MySQL aggregation (returning columns not in the GROUP BY clause)
Tuesday, December 18th, 2007More good news for today - again this is another thing that i presumed *everybody* knew about MySQL - but they don’t.
MySQL allows for slightly naughty but useful GROUP BY activities (for instance returning scalar values without using aggregations for columns that aren’t included in the Group By). Basically it returns a non-specified random value from that set so it needs to be used with a bit of intelligence.
Say we’ve got a Sale entity and a Product entity which has a SaleId. What we want is a query where we can show the product name, product RRP (recommended retail price) which are on the product table, and the number of sales from the Sale table (which relate to the product).

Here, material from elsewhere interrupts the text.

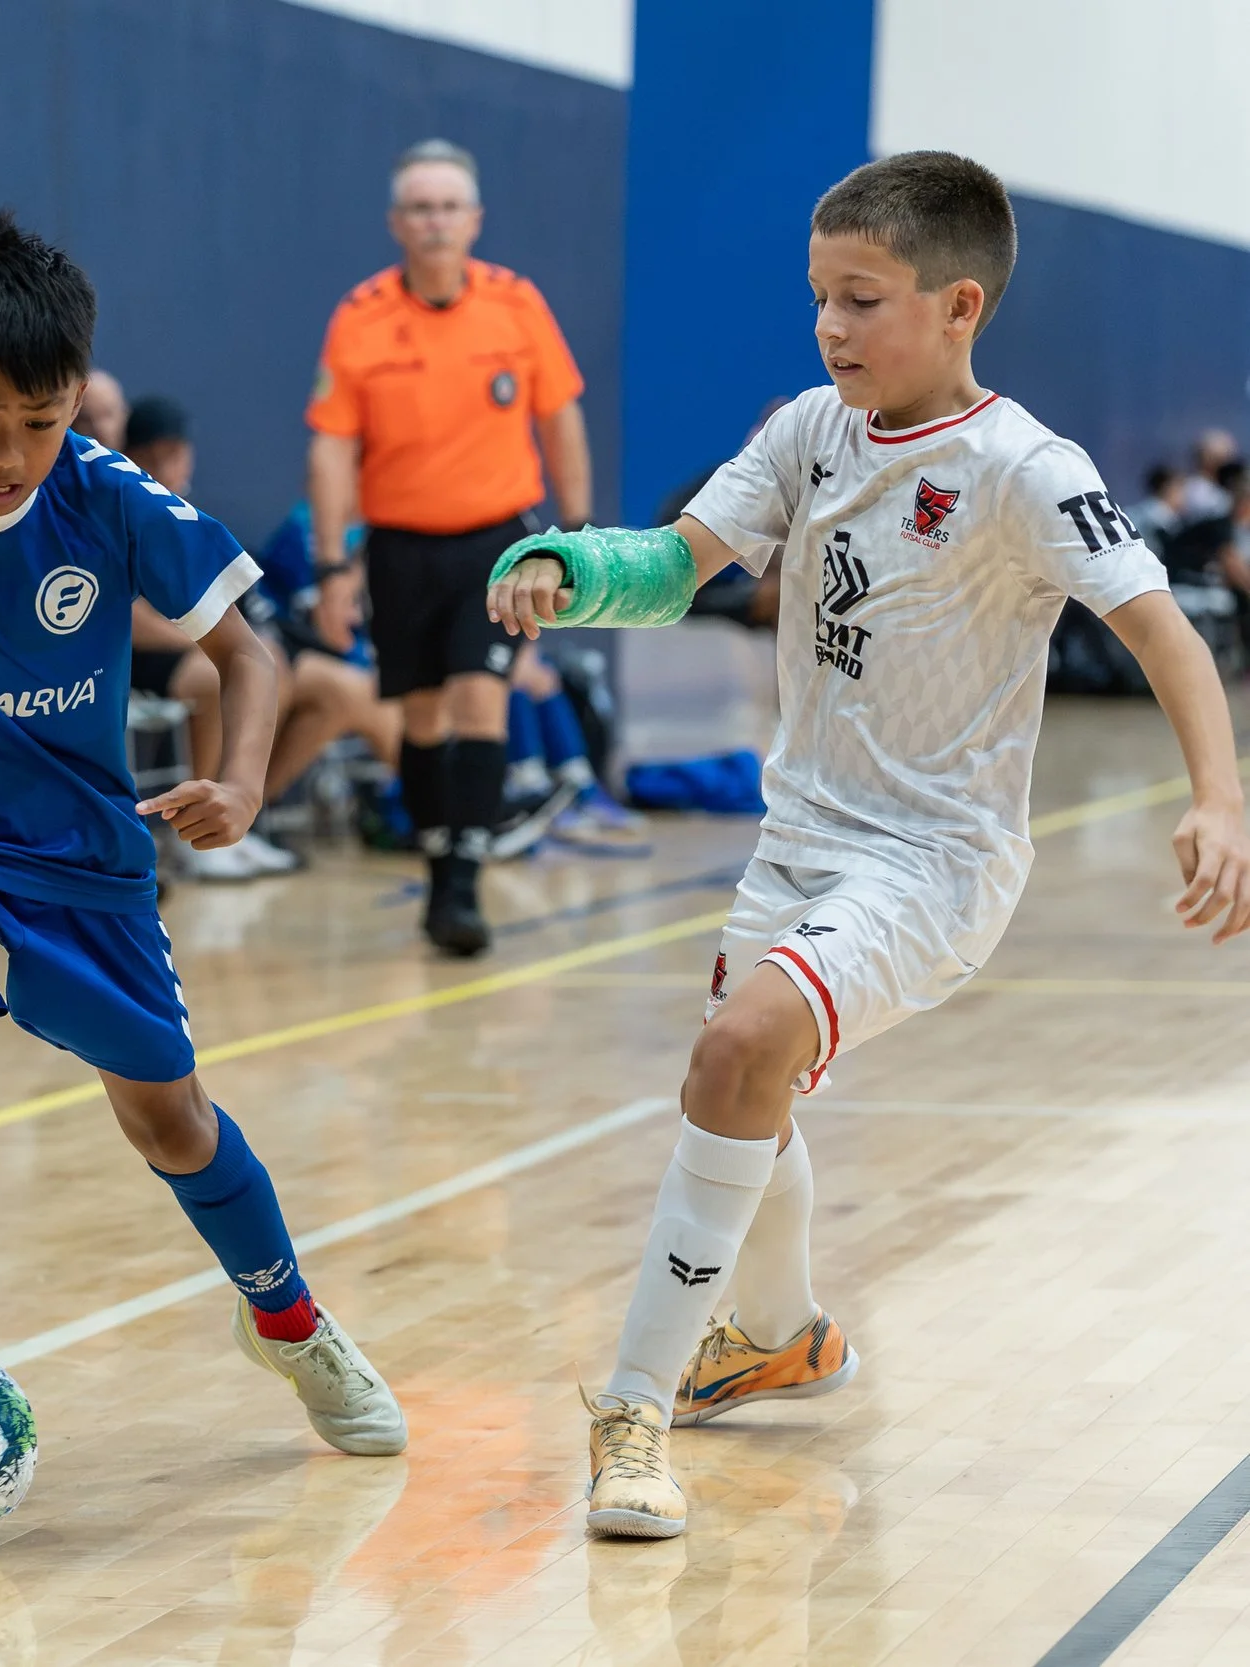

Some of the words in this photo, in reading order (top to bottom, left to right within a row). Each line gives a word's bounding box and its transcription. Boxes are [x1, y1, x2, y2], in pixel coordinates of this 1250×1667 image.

We could write this as a subquery but it would be inefficient when we need to select from some criteria that’s found in the Sale table. Instead we write it as a simple INNER JOIN with a GROUP BY.

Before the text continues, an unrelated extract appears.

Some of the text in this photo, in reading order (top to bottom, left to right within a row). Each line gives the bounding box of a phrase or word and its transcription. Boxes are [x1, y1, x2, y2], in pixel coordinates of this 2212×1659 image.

SELECT p.productid, p.productname, p.rrp, COUNT(s.productid) AS NumberOfSales
FROM product p
INNER JOIN sale s ON s.productid = p.productid
GROUP BY p.productid
Now in most DBMSs this would fail as the product name and the RRP aren’t in aggregate functions and aren’t specified in the GROUP BY. So we’d end up wrapping each in MIN(p.productname), MIN(p.rrp) or adding them to the GROUP BY.
However, we know this isn’t necessary as the productname and rrp are associated with the productid, so the MIN aggregate function is just a waste of time. So for MySQL we can leave the original query and it’ll run nicely.
Another winning tool for MySQL users.
Disclaimer: this functionality is a tough one to fully comprehend in all circumstances - so use with care. Other DBMSs don’t allow this for a reason!